Wednesday 9 June 2010

What we do, and what we don't do...

I'm not entirely sure whether its a good thing or not, but Rockley is being mentioned a fair bit on T'internet at the moment. I keep half an eye on it, and although I obviously can't monitor everything, generally it seems to be interest in, or positive comments about, the research programme or people wondering whether we can help their horses or owners giving updates about horses who have been here - all of which are great.

Now and again, however, I see people making statements about what we do or don't do, or about our facilities, or about horses who have been here. I'll make it plain, that unless statements are coming from me or from the horse's owner, then they should be taken with a pinch of salt as they are quite likely to be untrue ;-) So, to set things straight:

  • If you have a horse who has been diagnosed with navicular, DDFT or collateral ligament damage or other soft tissue damage within the hoof, then the best option (if you are after more info about rehabilitation) is to email me via If you send X-rays/MRIs/photos that can be helpful too.

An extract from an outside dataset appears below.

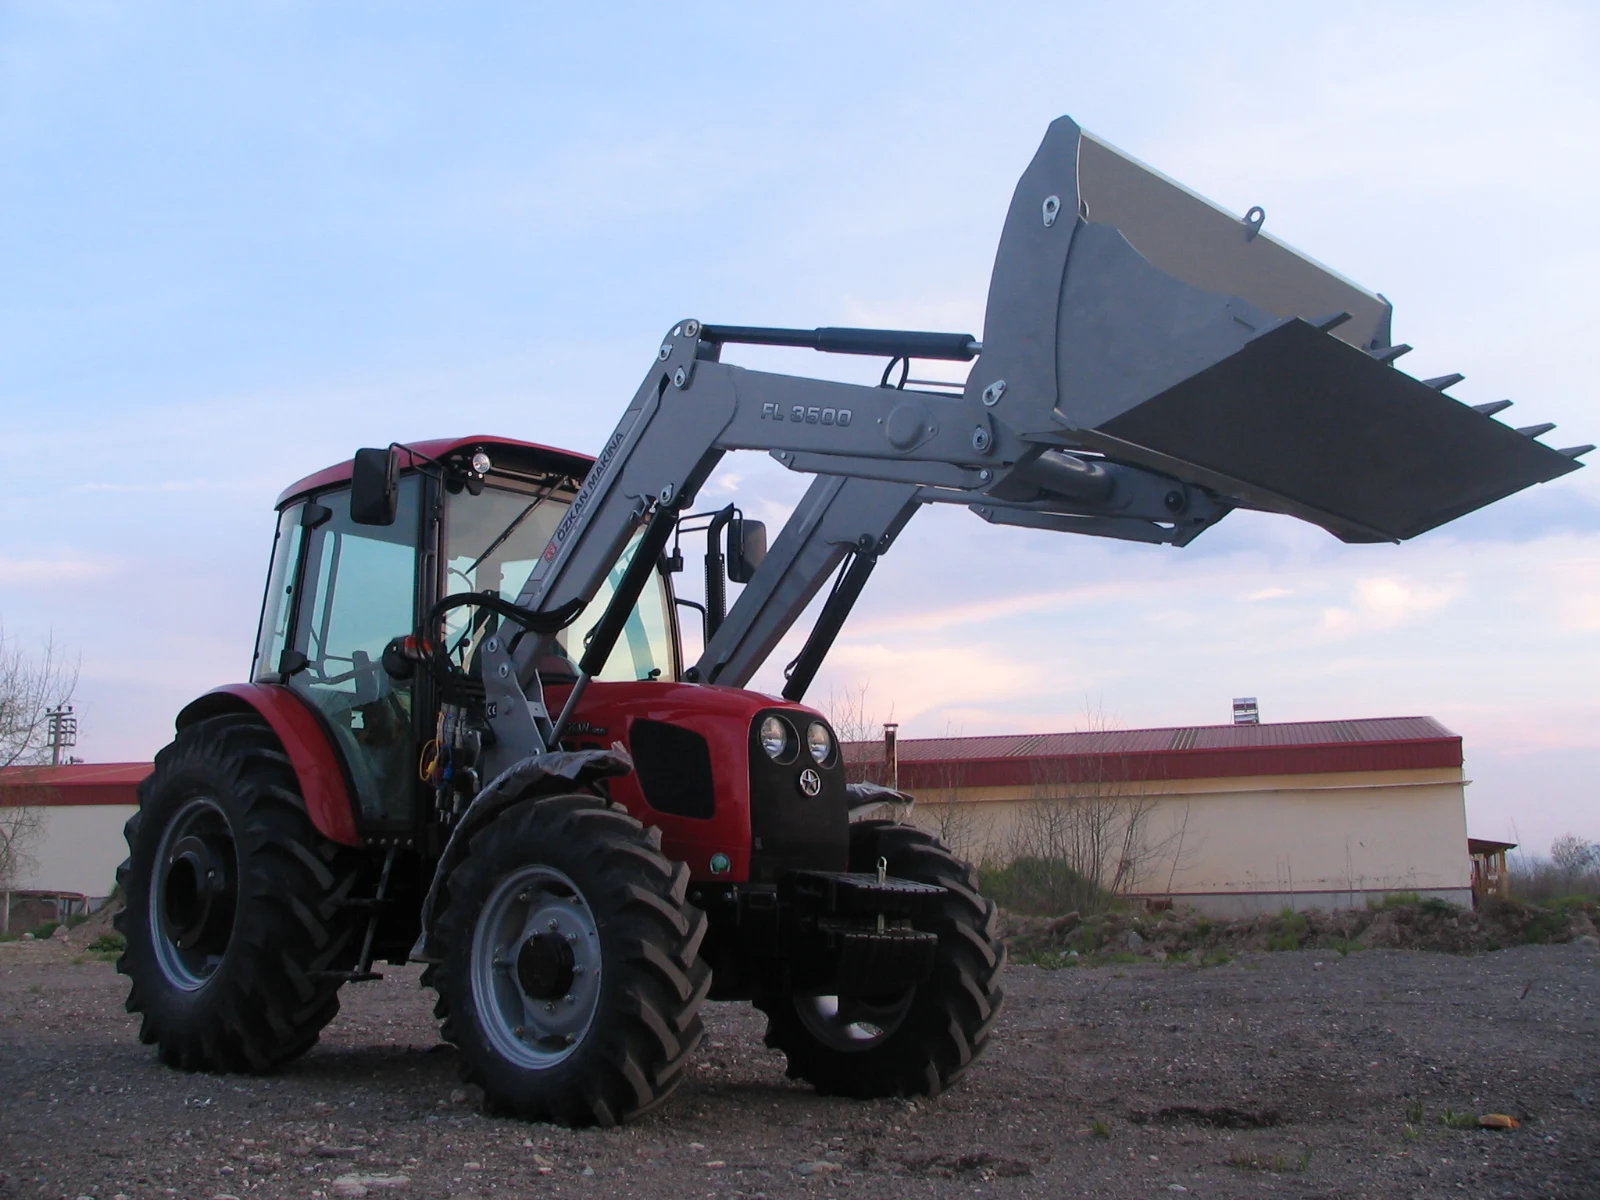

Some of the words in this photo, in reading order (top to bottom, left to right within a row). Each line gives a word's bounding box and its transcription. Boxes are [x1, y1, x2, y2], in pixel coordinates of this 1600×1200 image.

  • For rehabilitation, we take horses with the problems listed above or who have hoof issues such as poor medio-lateral balance. Usually these horses have been diagnosed on the basis of nerve-blocks to the caudal hoof or pedal bone. Typically (but of course there are no guarantees) we can improve soundness over about 3 months - some horses are quicker and some are slower, thats just a very rough guide.

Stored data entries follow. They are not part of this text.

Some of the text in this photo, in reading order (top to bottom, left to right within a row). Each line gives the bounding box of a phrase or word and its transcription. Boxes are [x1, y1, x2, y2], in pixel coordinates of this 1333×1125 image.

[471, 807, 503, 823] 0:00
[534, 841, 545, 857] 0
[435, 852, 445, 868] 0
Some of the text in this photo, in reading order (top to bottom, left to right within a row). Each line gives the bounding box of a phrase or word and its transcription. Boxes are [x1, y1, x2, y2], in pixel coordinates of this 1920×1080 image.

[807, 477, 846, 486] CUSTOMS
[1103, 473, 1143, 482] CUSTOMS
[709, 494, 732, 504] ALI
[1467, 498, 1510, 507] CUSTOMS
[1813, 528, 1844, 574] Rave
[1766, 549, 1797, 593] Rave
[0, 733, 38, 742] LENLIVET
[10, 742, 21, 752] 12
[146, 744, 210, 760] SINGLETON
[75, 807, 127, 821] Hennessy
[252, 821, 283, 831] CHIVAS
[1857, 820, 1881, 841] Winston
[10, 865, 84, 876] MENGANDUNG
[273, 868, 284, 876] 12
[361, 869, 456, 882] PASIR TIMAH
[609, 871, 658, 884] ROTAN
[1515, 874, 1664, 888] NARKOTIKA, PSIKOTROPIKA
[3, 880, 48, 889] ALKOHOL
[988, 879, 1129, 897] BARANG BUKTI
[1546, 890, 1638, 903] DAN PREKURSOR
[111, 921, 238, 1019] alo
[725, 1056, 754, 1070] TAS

  • I will not normally take horses for rehabilitation if their problem is primarily a metabolic disorder, such as chronic laminitis, insulin resistance, Cushings etc. Its not because you can't help horses like this - far from it, as dietary changes can make huge improvements. However, it wouldn't be appropriate, or professional, for me to have those sorts of horses here because even if they do well at Rockley, they will be back to square one at home. Far more effective for the owner to keep the horse at home and make the necessary changes there.

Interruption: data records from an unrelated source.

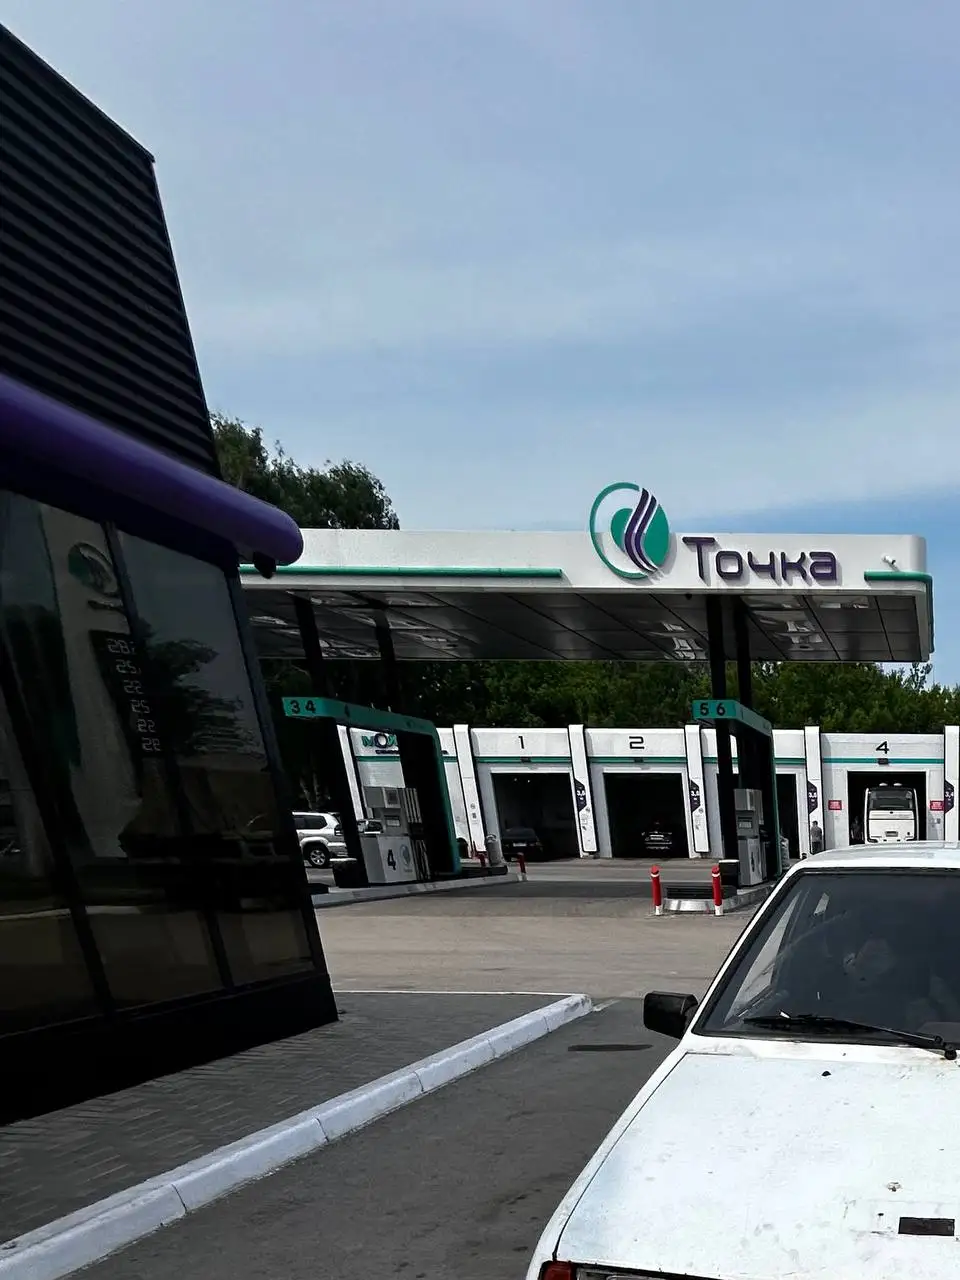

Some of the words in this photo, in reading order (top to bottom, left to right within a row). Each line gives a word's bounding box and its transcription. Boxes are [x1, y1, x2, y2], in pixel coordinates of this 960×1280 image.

[682, 536, 837, 581] Точка
[290, 700, 300, 714] 3
[305, 700, 316, 713] 4
[700, 702, 709, 716] 5
[716, 702, 726, 716] 6
[518, 735, 525, 749] 1
[628, 736, 645, 749] 2
[876, 741, 889, 754] 4
[387, 849, 396, 871] 4

  • By contrast, "navicular" horses and those with the types of injuries listed above respond extremely well to a short period of rehab over the surfaces we have at Rockley. We aim to kick-start improvements to the hoof, and get the horse to the point where it is back in its normal level of work and happy on the terrain it will encounter at home (whether that is roads, tracks etc). From then on, owners can usually carry on successfully without needing the sorts of conformable surfaces we have here. Thats because, once the correct biomechanics are solidly in place, the horse tends to stay on a "virtuous circle" of improvement.
  • The only people who train at Rockley are UKNHCP students and practitioners. Anyone else who says they have "trained" here is being a bit naughty, to say the least - they may well have visited but unless they are listed on they are not one of our practitioners and may have little or no training. I don't run courses here other than for UKNHCP members and never have ;-)
  • Finally, horses coming here for rehab need to come on vet referral. I don't mind in the least if a vet is sceptical - the best ones usually are, initially! In those cases I normally speak to them and explain what we do and we agree a timescale by which we need to see improvement in the horse.
Hope thats helped to clear things up! Normal service will resume tomorrow ;-)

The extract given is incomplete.